DATA FOR REVIEW:
___

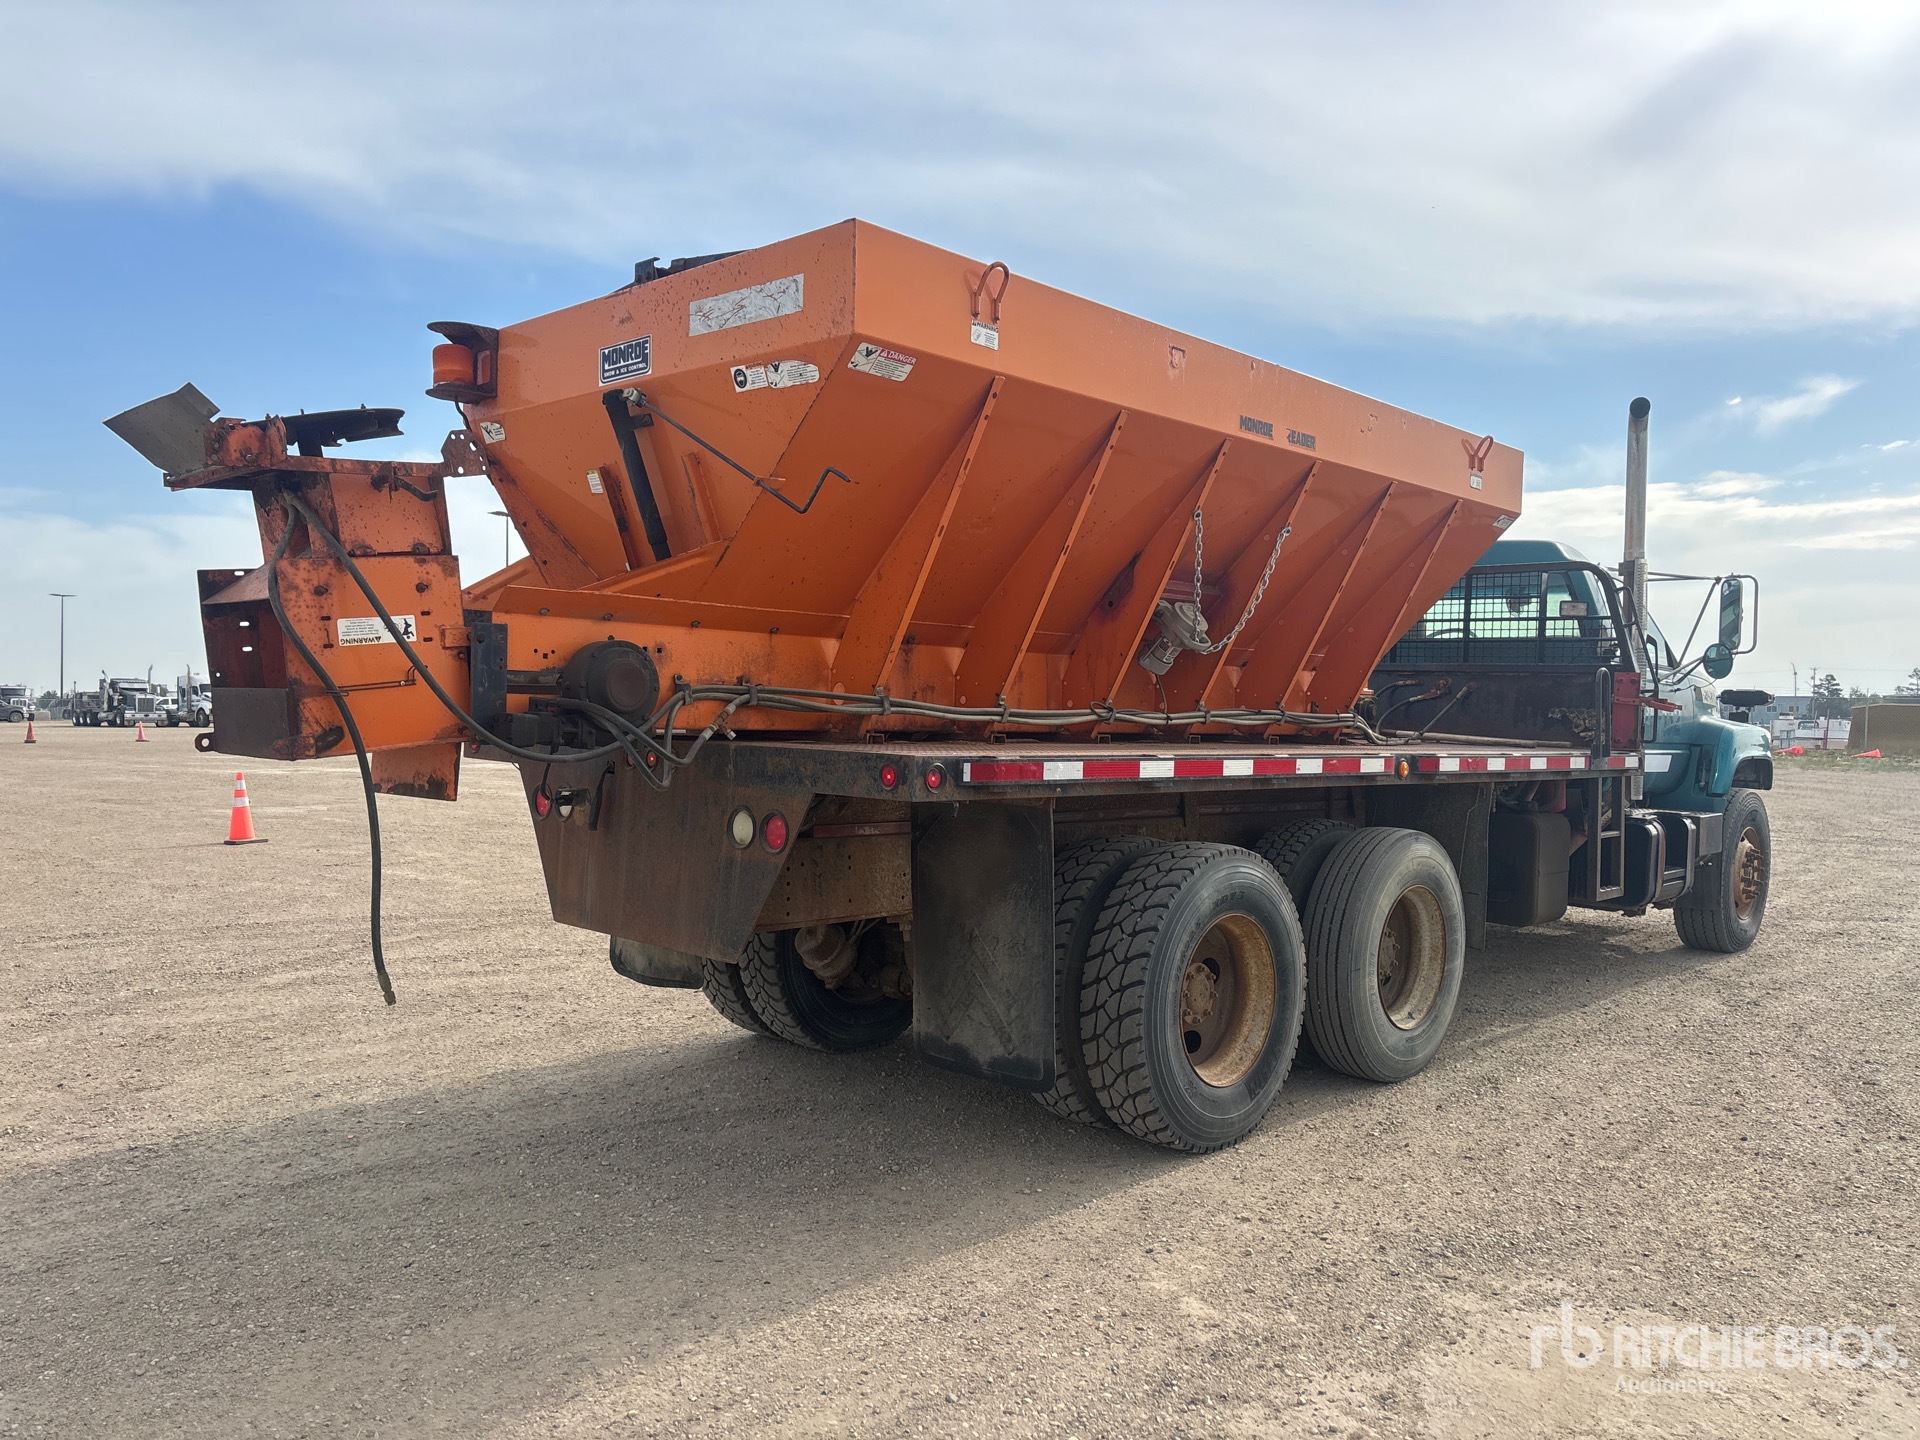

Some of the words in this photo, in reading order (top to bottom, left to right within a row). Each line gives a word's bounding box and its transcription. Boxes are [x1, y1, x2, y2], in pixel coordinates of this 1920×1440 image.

[602, 339, 649, 368] MONROE
[888, 351, 917, 365] DANGER
[628, 362, 647, 371] CONTROL
[1240, 415, 1273, 437] MONROE
[340, 636, 376, 645] WARNING
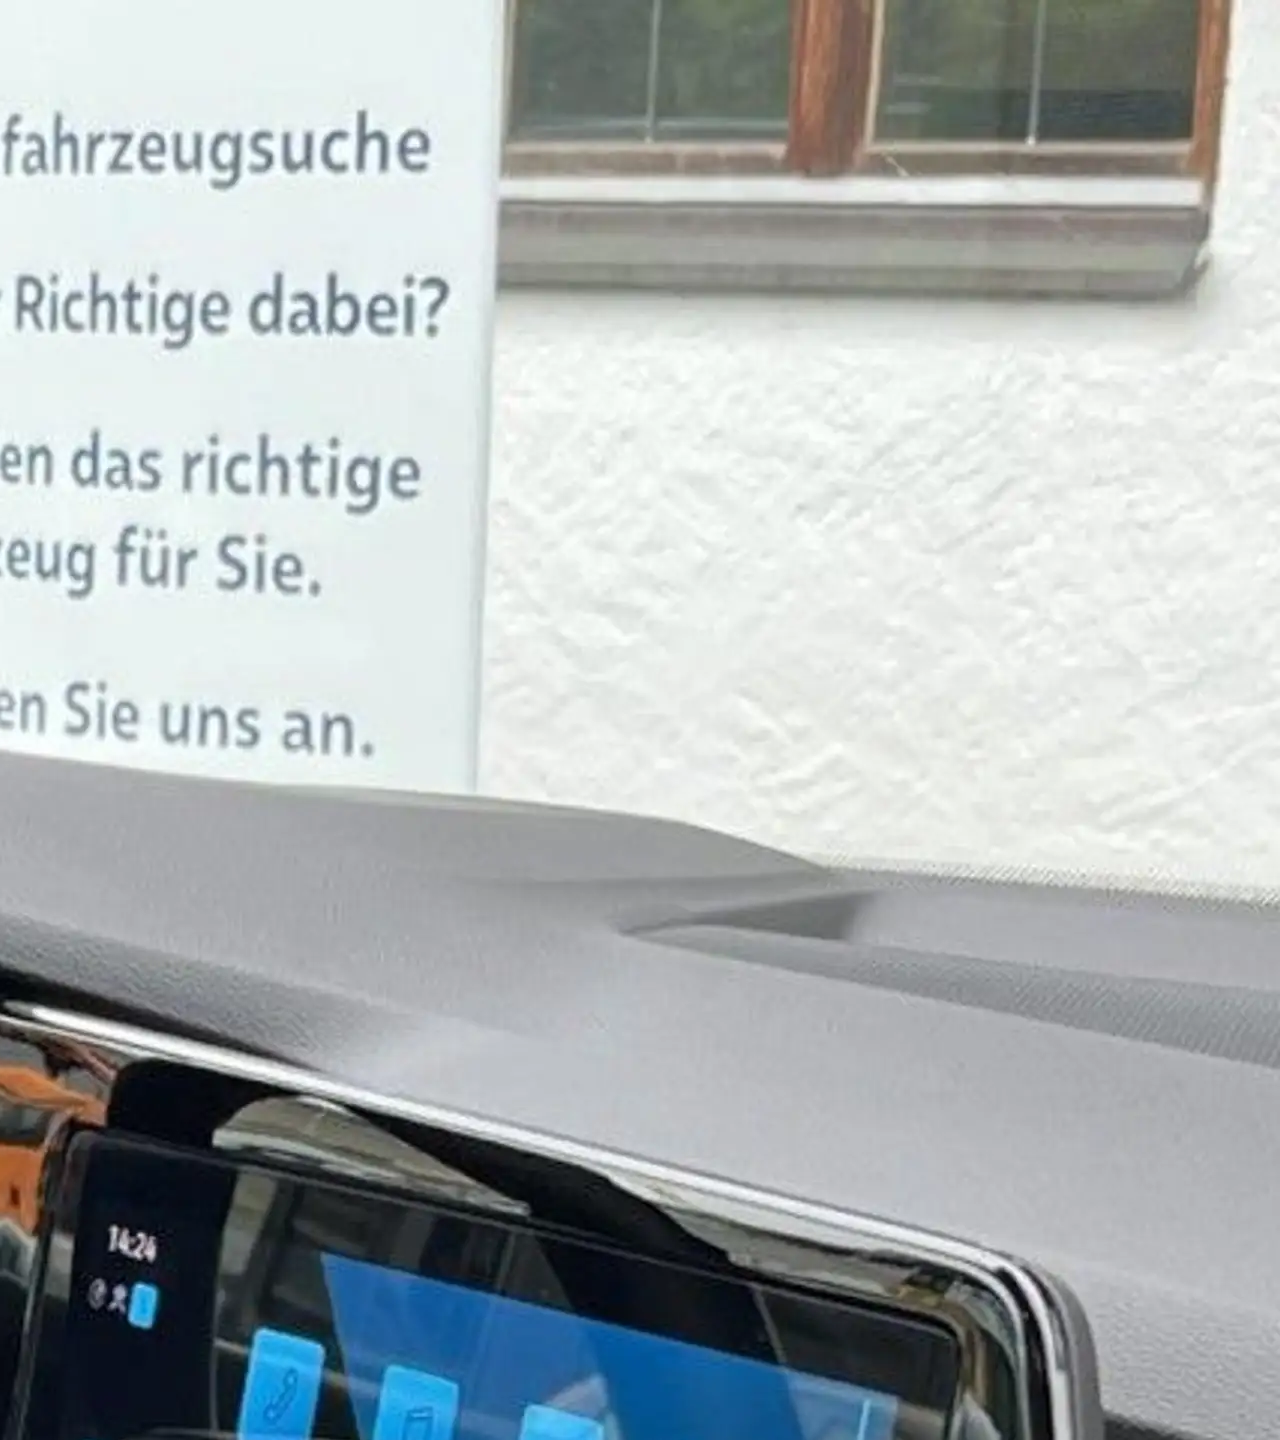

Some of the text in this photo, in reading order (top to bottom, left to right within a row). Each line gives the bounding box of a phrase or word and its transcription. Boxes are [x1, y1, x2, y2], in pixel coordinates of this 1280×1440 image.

[14, 273, 230, 349] Richtige
[247, 272, 449, 337] dabei?
[70, 431, 162, 492] das
[182, 435, 422, 515] richtige
[116, 525, 197, 590] für
[216, 534, 321, 598] Sie.
[64, 680, 140, 741] Sie
[159, 702, 261, 750] uns
[282, 707, 374, 757] an.
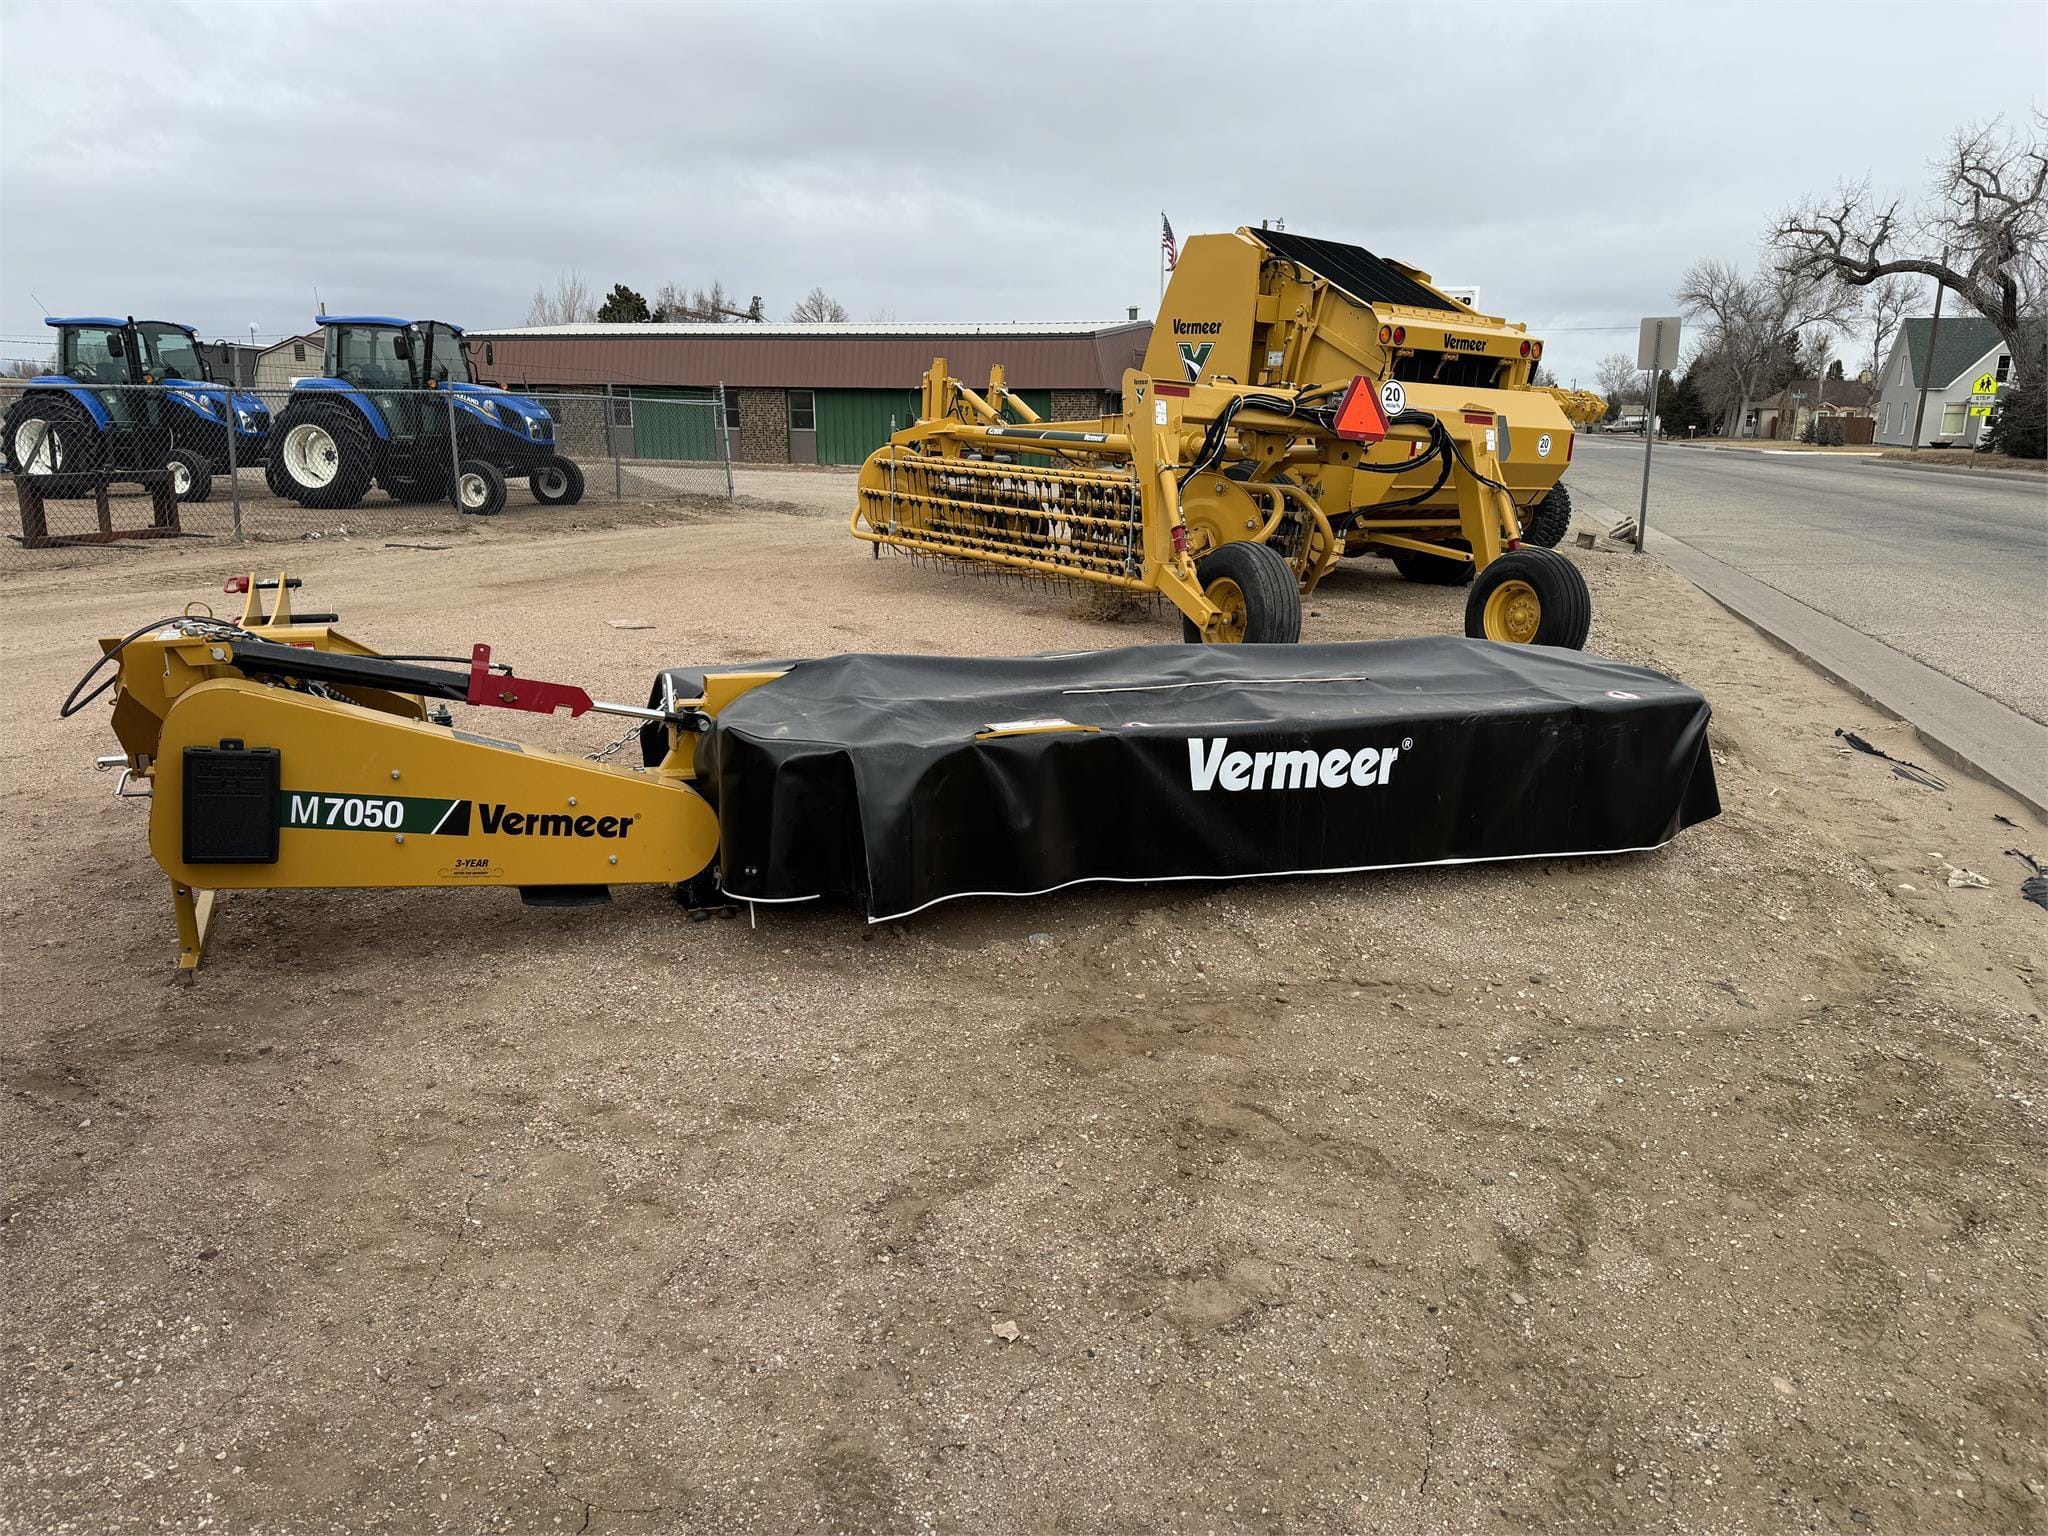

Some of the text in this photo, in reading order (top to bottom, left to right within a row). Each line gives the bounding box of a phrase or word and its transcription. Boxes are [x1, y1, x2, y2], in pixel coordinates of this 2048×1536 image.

[1385, 386, 1401, 402] 20
[1540, 438, 1549, 449] 20
[455, 858, 489, 868] 3-YEAR

___

TASK BRIEF: Please reproduce the listing word for word, but only from the line that contains "this 2048×1536 image." to its last line, inclusive.

RESPONSE TO THE EXERCISE:
Some of the text in this photo, in reading order (top to bottom, left to right within a row). Each line gives the bounding box of a phrase or word and its transcription. Boxes are [x1, y1, x2, y2], in pixel coordinates of this 2048×1536 image.

[1385, 386, 1401, 402] 20
[1540, 438, 1549, 449] 20
[455, 858, 489, 868] 3-YEAR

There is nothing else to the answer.